**What you will do**
Set down the data below exactly; pictures stay out.
---------- Dataset ----------
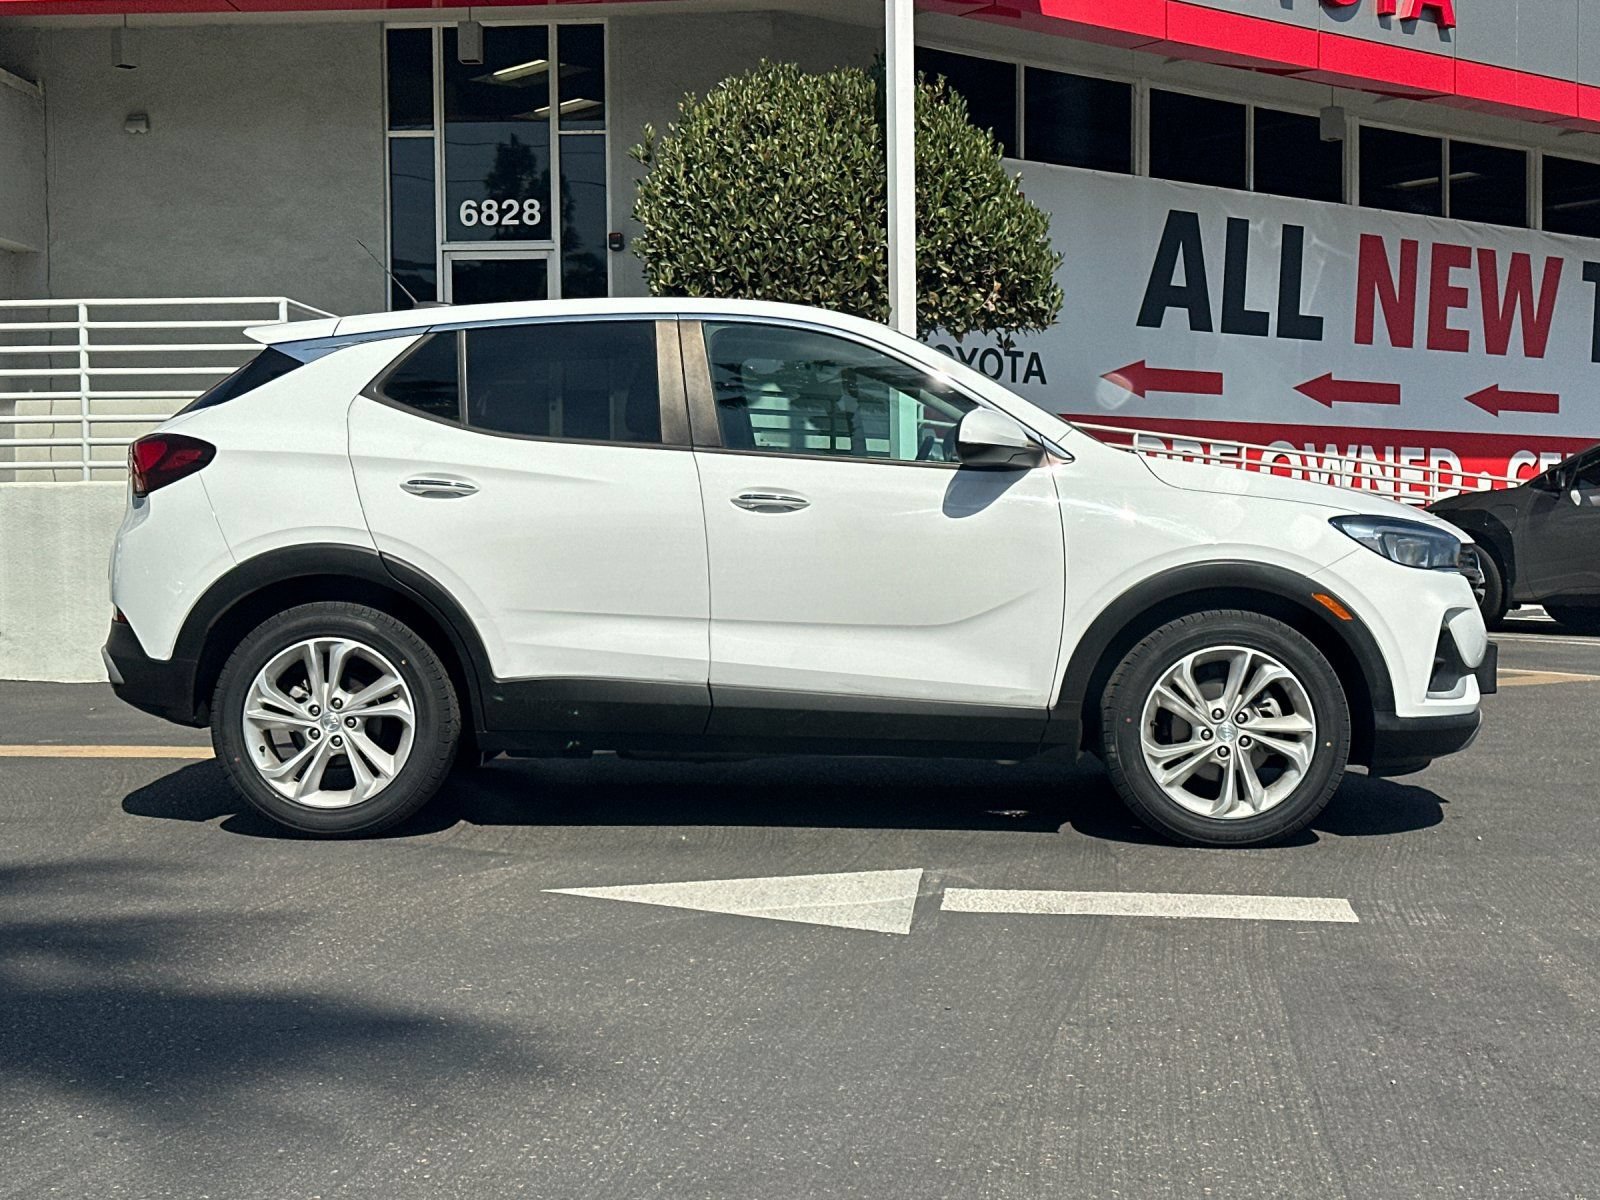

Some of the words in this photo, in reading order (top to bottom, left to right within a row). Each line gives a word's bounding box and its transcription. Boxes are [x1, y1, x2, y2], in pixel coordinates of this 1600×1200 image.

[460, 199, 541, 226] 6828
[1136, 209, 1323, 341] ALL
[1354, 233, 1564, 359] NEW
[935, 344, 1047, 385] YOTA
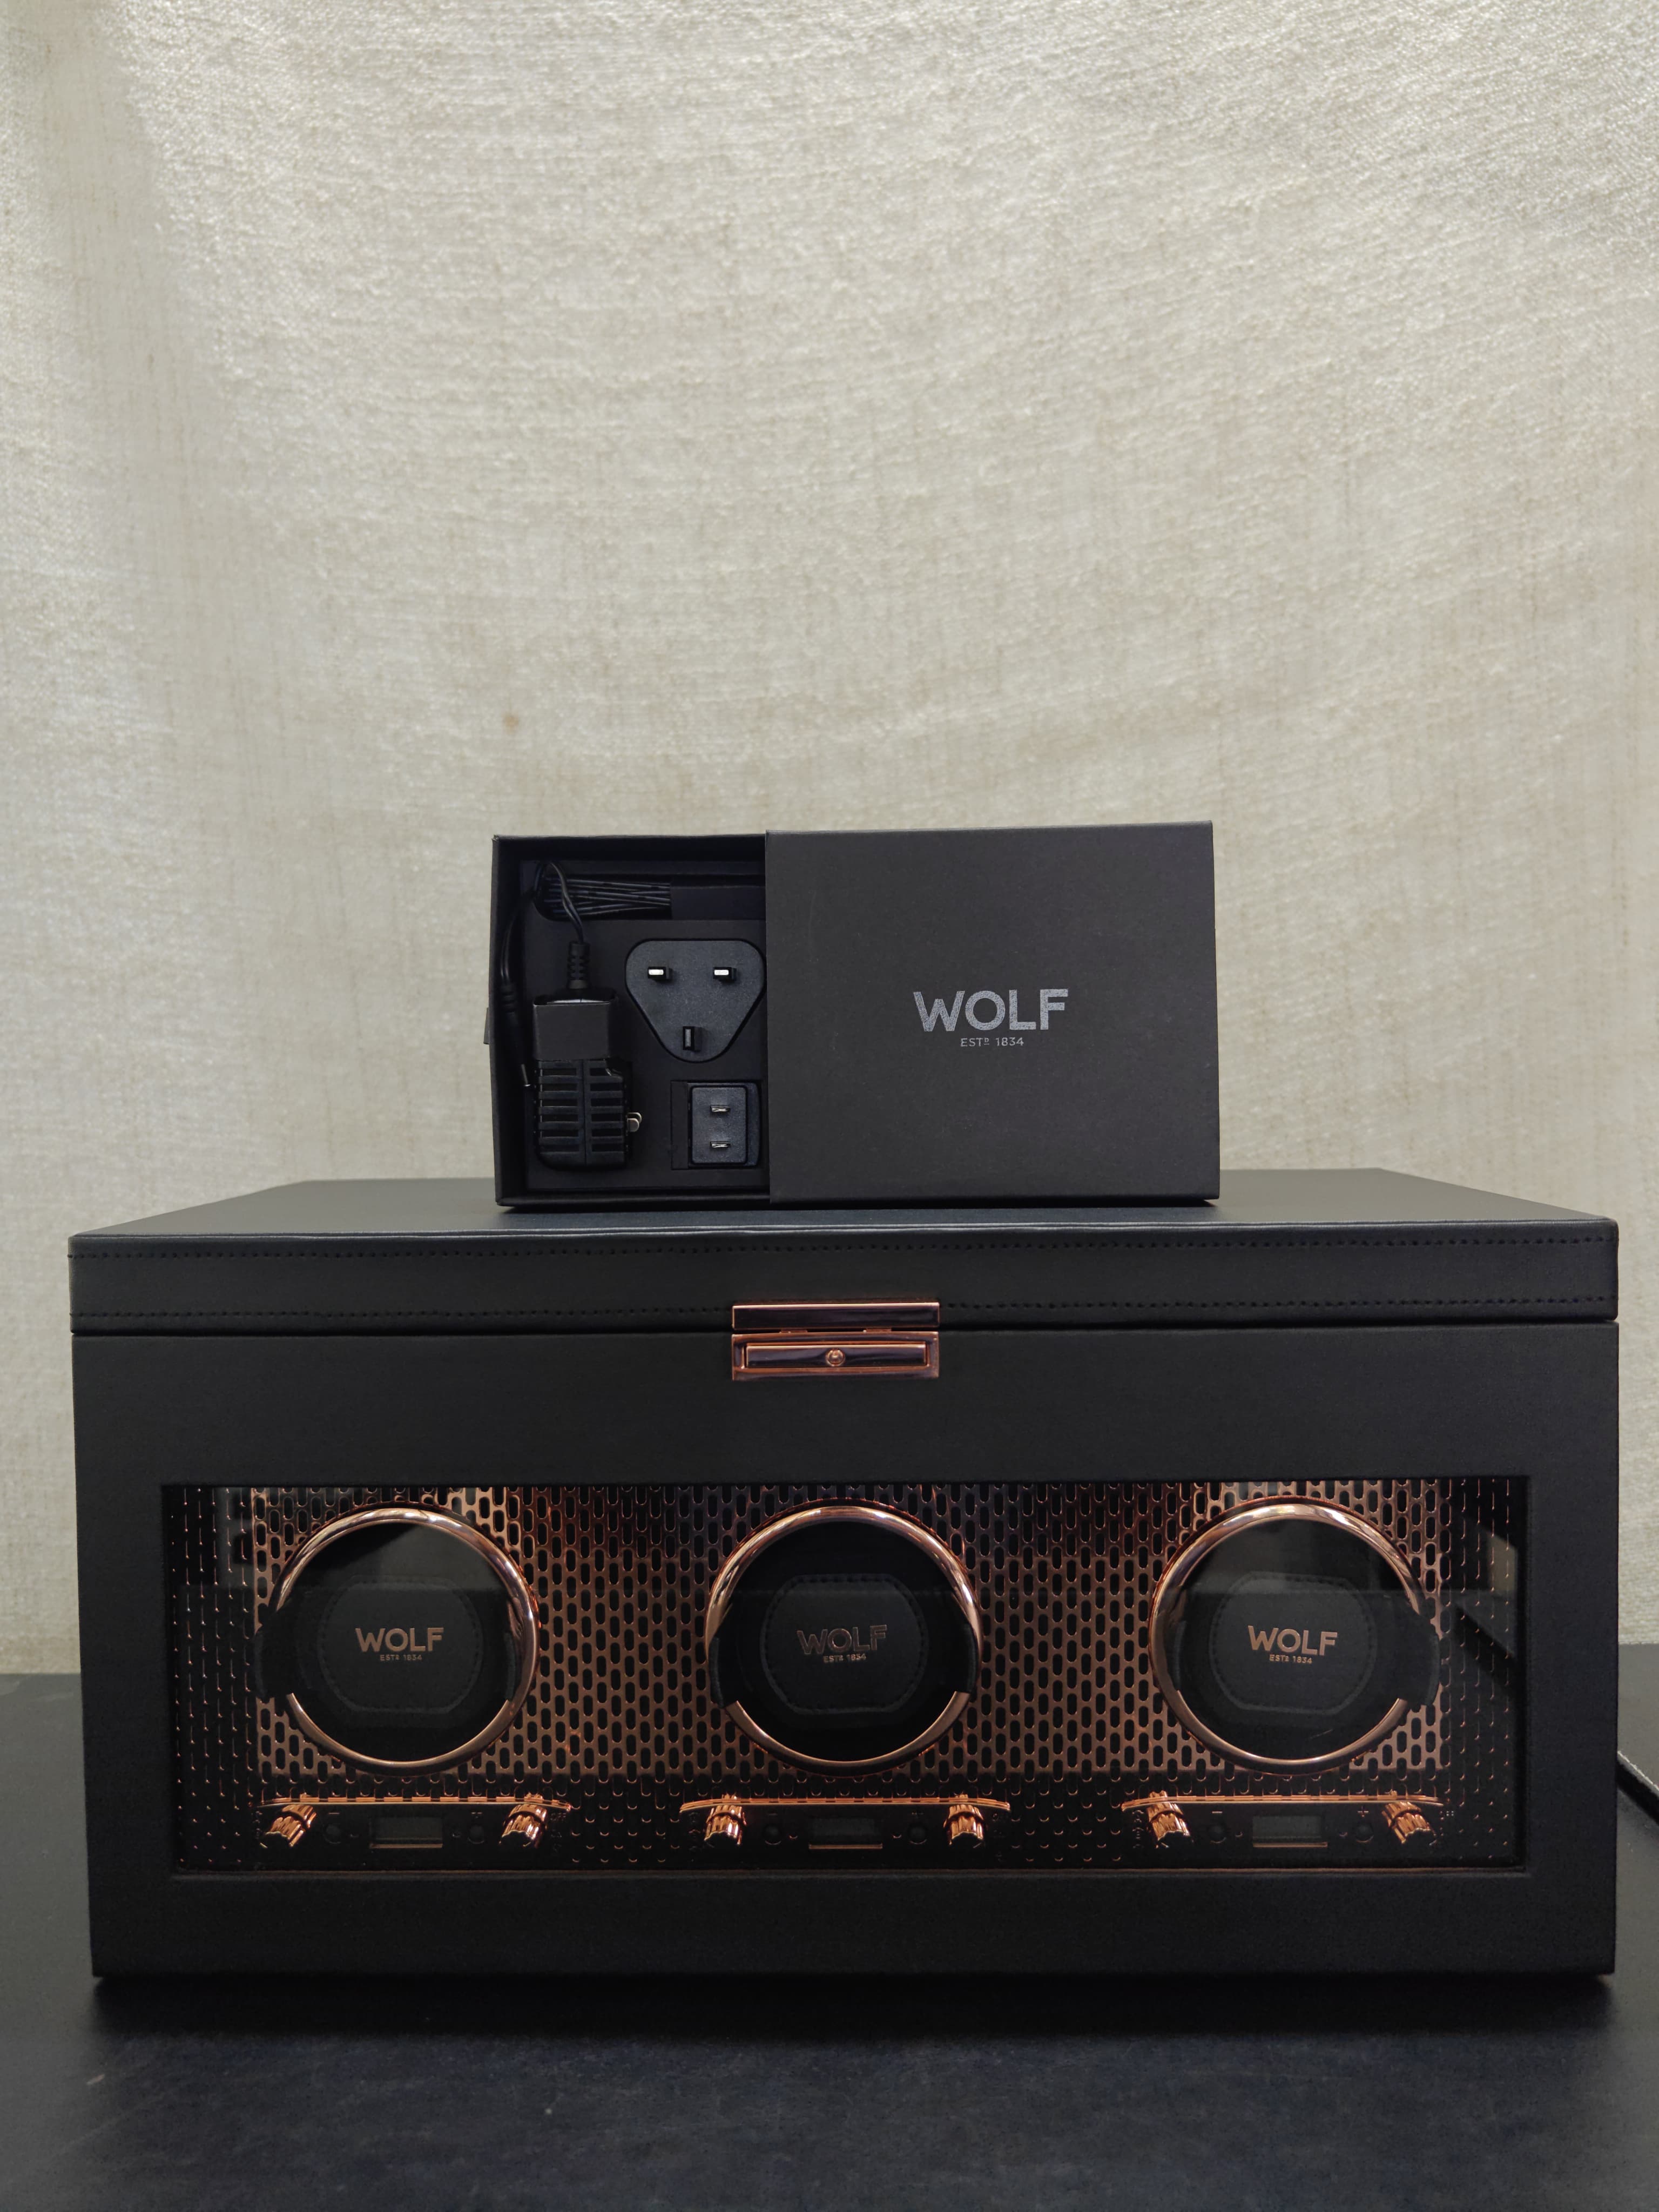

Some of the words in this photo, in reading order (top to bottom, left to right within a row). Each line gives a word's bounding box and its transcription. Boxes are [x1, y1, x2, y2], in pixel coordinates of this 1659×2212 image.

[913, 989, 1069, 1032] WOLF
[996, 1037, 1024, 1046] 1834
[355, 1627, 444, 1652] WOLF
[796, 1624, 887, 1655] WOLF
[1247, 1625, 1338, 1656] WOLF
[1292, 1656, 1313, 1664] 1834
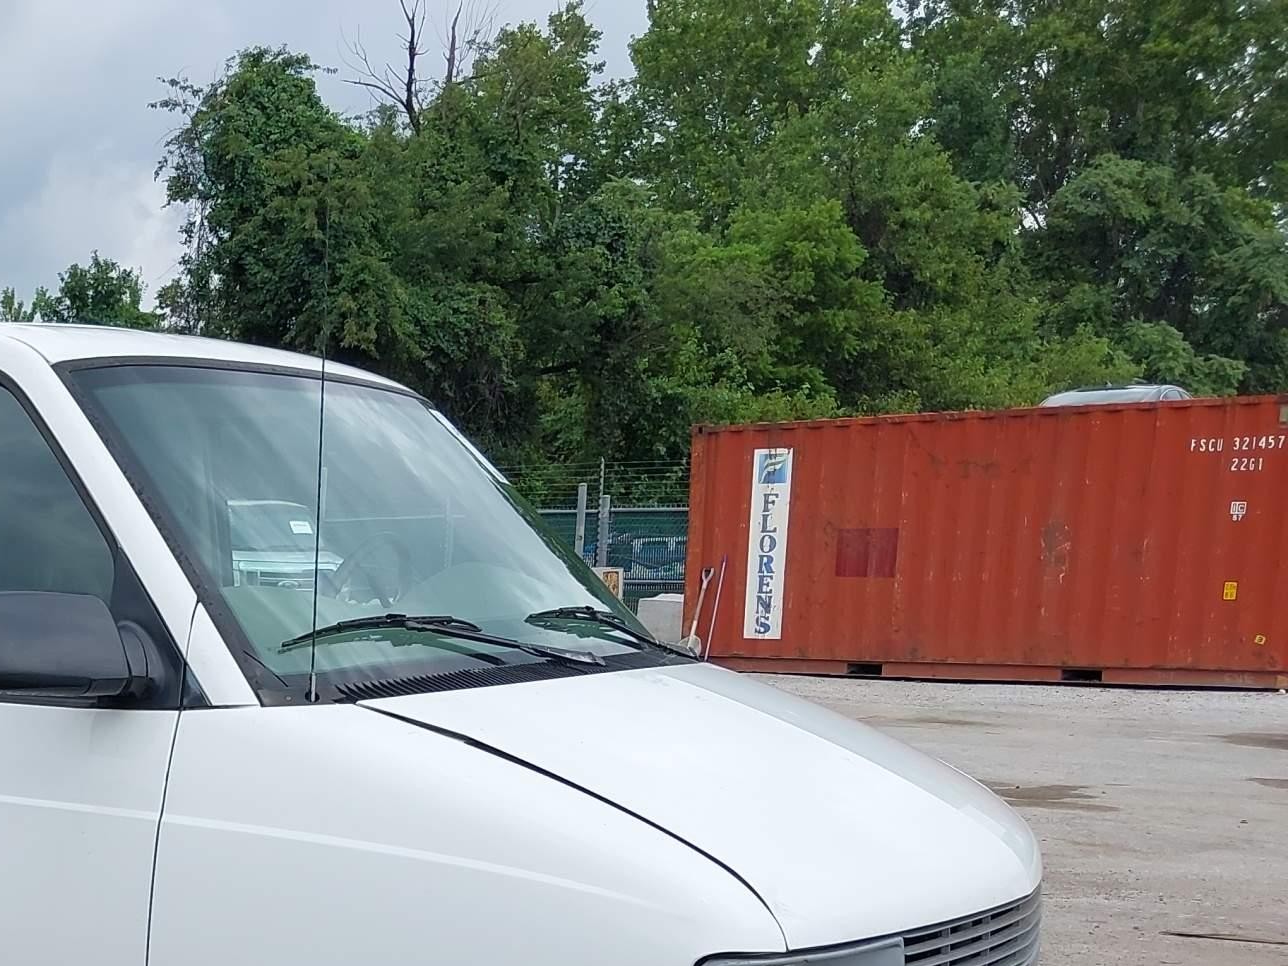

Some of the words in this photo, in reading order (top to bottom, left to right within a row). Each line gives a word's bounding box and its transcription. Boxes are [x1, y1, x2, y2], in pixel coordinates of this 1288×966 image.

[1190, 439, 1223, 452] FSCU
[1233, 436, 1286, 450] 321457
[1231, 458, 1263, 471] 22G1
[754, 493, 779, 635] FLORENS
----------
**Answer section**
Some of the words in this photo, in reading order (top to bottom, left to right within a row). Each line gives a word's bounding box and its transcription. Boxes are [x1, y1, x2, y2], in pixel coordinates of this 1600×1200 image.

[460, 199, 541, 226] 6828
[1136, 209, 1323, 341] ALL
[1354, 233, 1564, 359] NEW
[935, 344, 1047, 385] YOTA

Some of the words in this photo, in reading order (top to bottom, left to right within a row). Each line gives a word's bounding box and its transcription. Boxes are [x1, y1, x2, y2], in pixel coordinates of this 1659×2212 image.

[913, 989, 1069, 1032] WOLF
[996, 1037, 1024, 1046] 1834
[355, 1627, 444, 1652] WOLF
[796, 1624, 887, 1655] WOLF
[1247, 1625, 1338, 1656] WOLF
[1292, 1656, 1313, 1664] 1834

Some of the words in this photo, in reading order (top to bottom, left to right within a row). Each line gives a word's bounding box and its transcription. Boxes are [x1, y1, x2, y2], in pixel coordinates of this 1288×966 image.

[1190, 439, 1223, 452] FSCU
[1233, 436, 1286, 450] 321457
[1231, 458, 1263, 471] 22G1
[754, 493, 779, 635] FLORENS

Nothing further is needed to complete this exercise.